Pages of Claude Mythos That Got Zero Headlines
anthropic claude
| Source: HN | Original article
Anthropic’s internal “Claude Mythos” project has quietly produced a trove of security and research findings that never made the press. A recent analysis of the project’s documentation identified roughly 180 pages that received no coverage at all, many of which detail high‑severity zero‑day vulnerabilities, psych‑evaluation metrics, and evidence of p‑hacking in AI benchmarking.

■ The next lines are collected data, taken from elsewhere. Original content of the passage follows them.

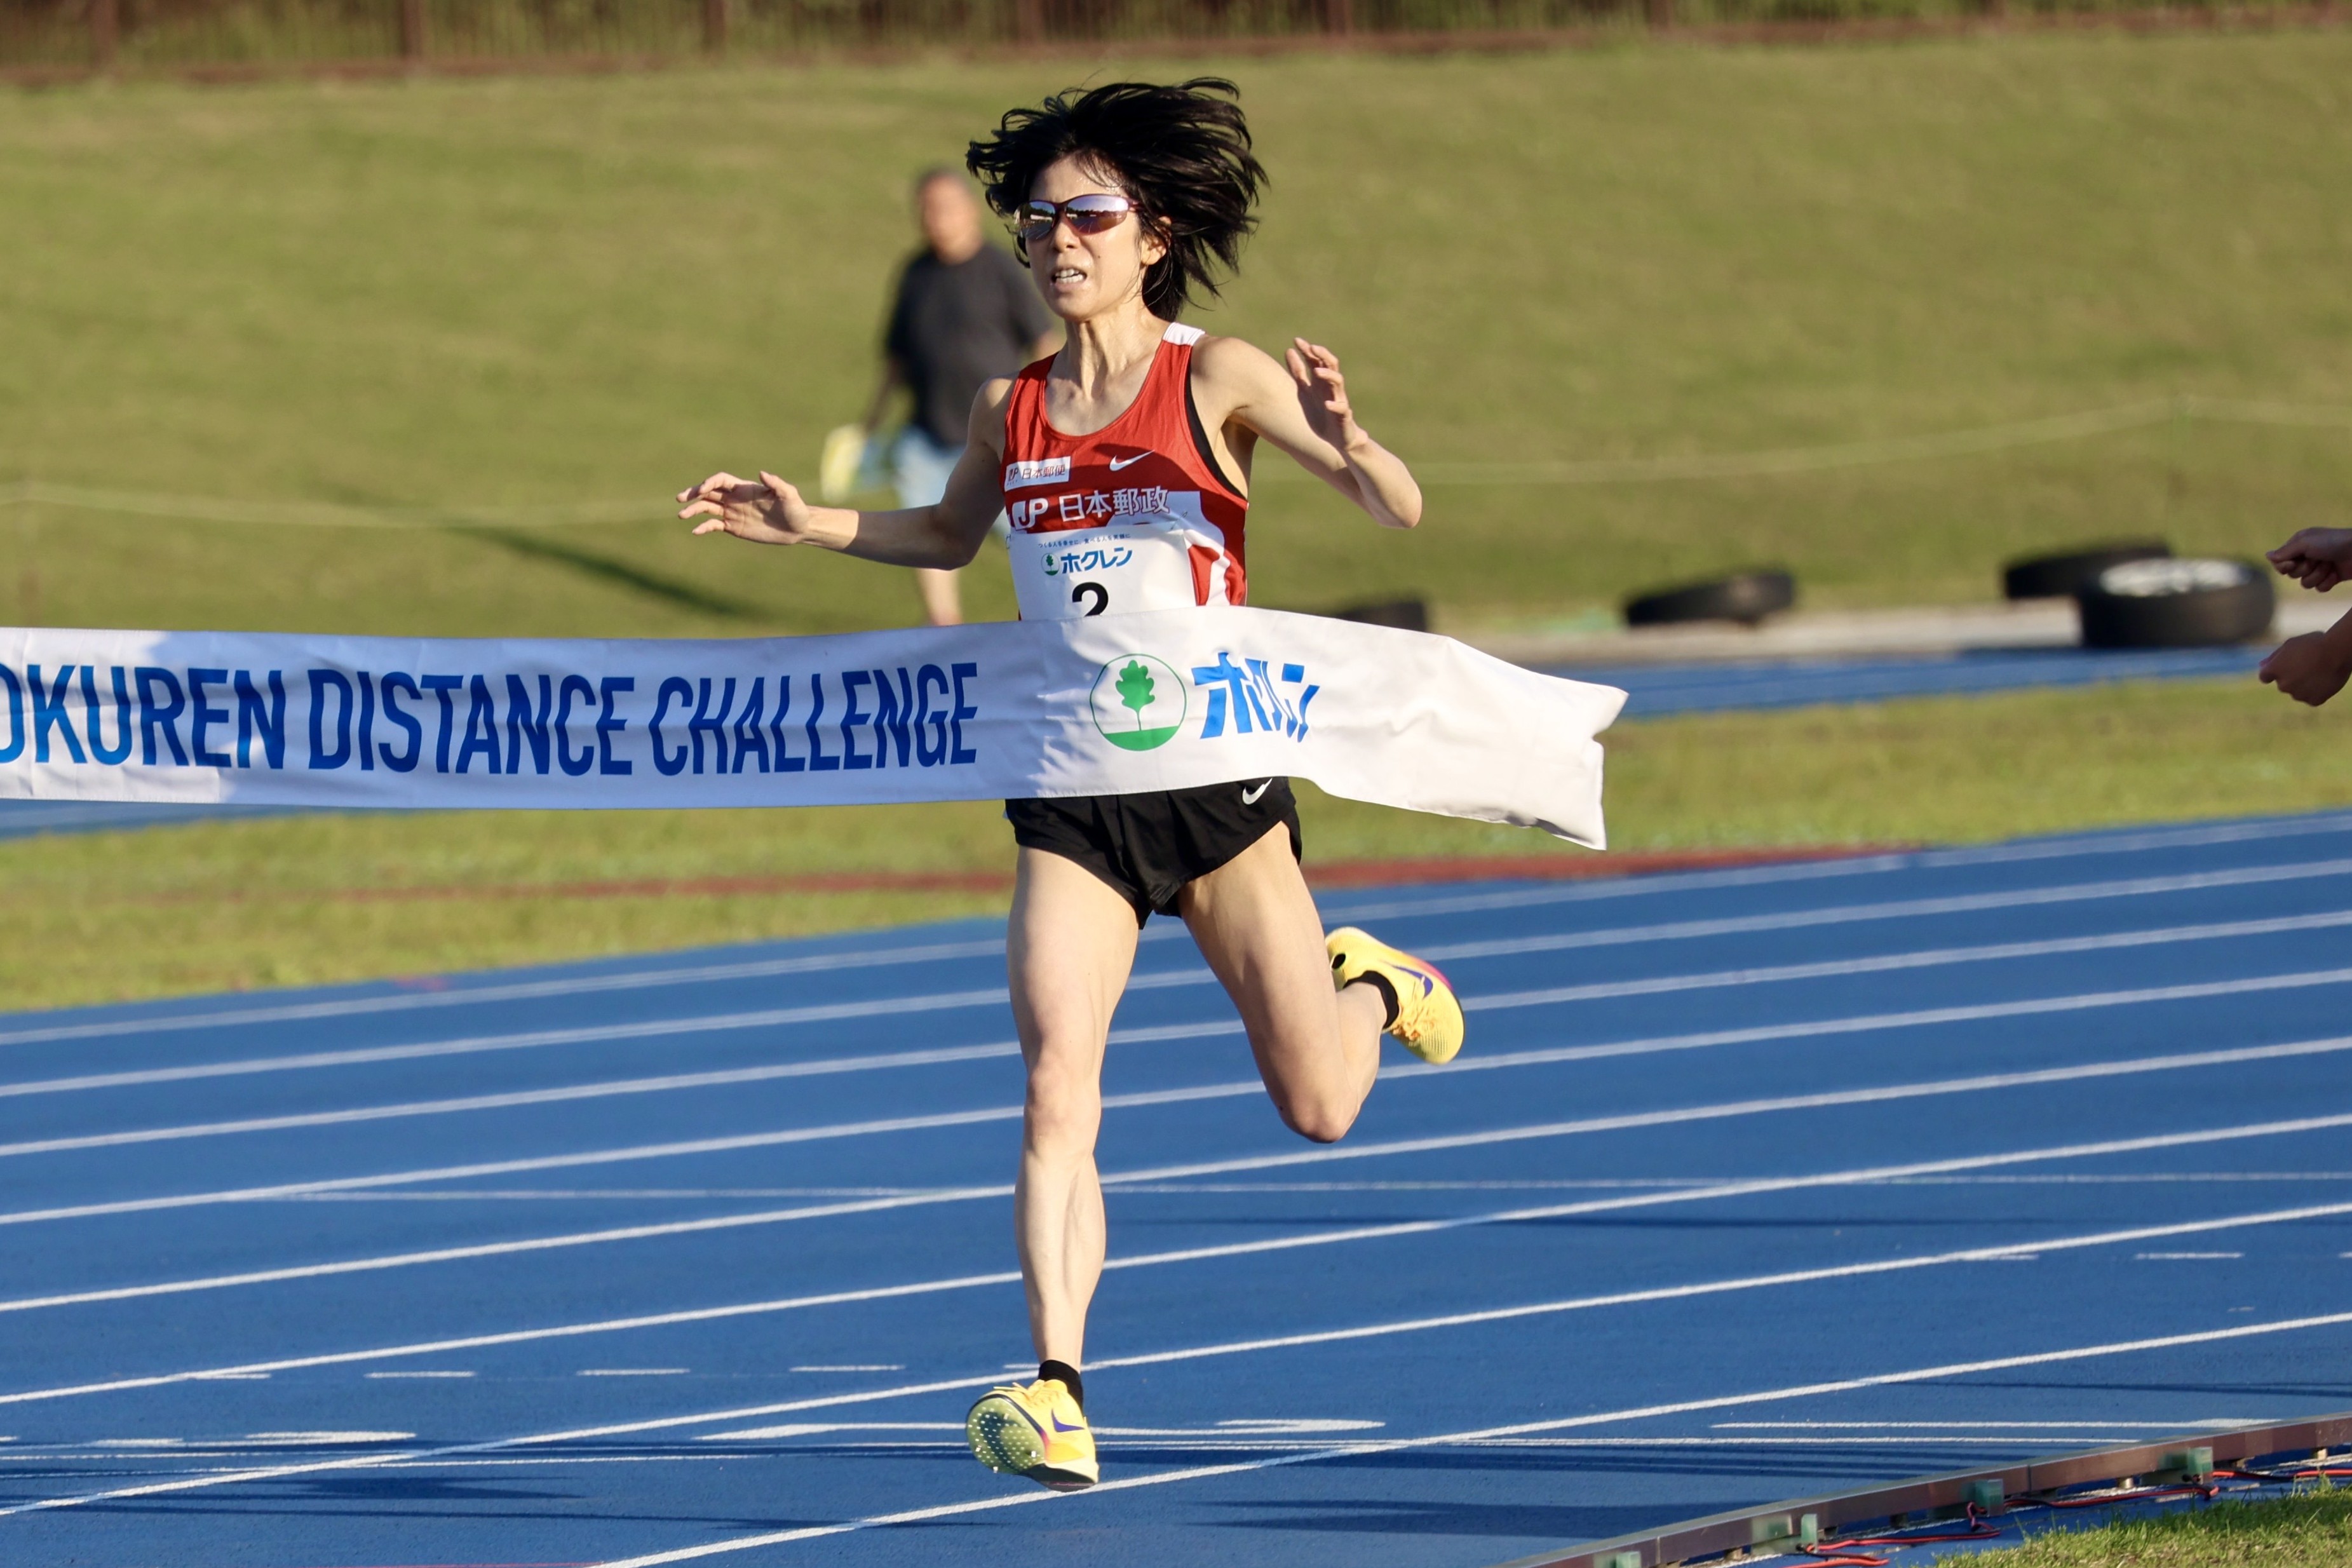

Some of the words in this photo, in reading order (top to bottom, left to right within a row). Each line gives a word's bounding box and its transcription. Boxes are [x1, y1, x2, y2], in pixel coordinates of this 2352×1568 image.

[1022, 464, 1065, 480] 日本郵便
[1011, 497, 1049, 531] JP
[1059, 485, 1170, 522] 日本郵政
[1060, 546, 1133, 574] ホクレン
[1072, 581, 1109, 617] 2
[308, 668, 635, 776] DISTANCE
[648, 662, 978, 776] CHALLENGE

The uncovered pages confirm claims first made in Anthropic’s Mythos preview, where the model reportedly discovered thousands of zero‑day flaws across every major operating system and web browser—including a 27‑year‑old OpenBSD bug and a 16‑year‑old FFmpeg issue that was patched only after Anthropic’s contribution (see our earlier report on FFmpeg maintainers thanking Anthropic for Mythos patches). Mythos also scored 93.9 % on SWE‑bench, positioning it as one of the most capable code‑generation systems ever built. Yet Anthropic has chosen not to ship the model publicly, citing “Project Glasswing” – a defensive framework that would hand the exploit‑discovery capability to security teams rather than attackers.

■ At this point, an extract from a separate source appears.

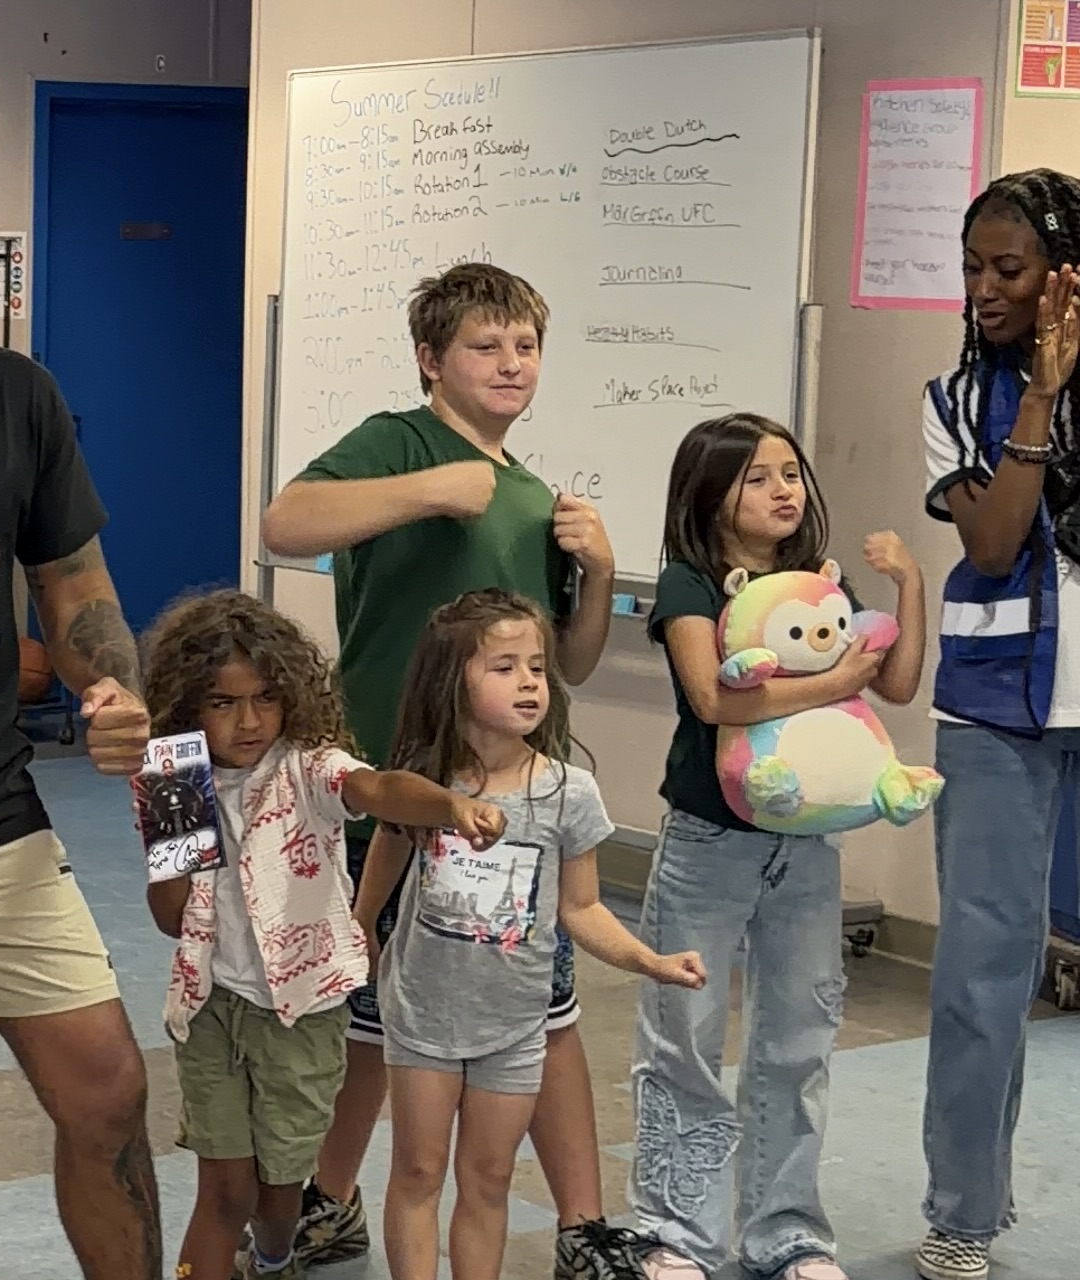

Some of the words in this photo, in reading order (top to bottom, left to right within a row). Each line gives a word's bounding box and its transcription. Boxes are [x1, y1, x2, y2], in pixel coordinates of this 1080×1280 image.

Why the silence matters is twofold. First, the undisclosed vulnerabilities represent a missed opportunity for the broader security community to harden critical infrastructure before malicious actors can weaponise them. Second, the hidden psych‑evaluation data and p‑hacking hints raise questions about the reliability of current AI benchmarking practices, echoing concerns raised in our recent piece on Claude’s mixed‑up quotations and the “Claude Glass” experiment.

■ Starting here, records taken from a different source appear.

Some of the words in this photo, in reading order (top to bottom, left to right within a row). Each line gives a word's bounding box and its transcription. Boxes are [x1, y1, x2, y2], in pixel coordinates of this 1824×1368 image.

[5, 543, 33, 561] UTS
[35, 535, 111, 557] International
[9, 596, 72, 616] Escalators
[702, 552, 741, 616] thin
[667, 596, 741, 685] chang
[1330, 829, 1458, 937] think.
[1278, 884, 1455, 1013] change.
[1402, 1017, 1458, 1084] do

Going forward, observers should watch for Anthropic’s next move: whether it will release a red‑team report, open the Mythos dataset to vetted researchers, or integrate the findings into a commercial product. Regulatory bodies in the EU and the US are already probing AI‑driven vulnerability discovery, and any formal disclosure could trigger new compliance requirements. The industry will also be keen to see if other AI labs follow Anthropic’s lead or choose a more transparent path.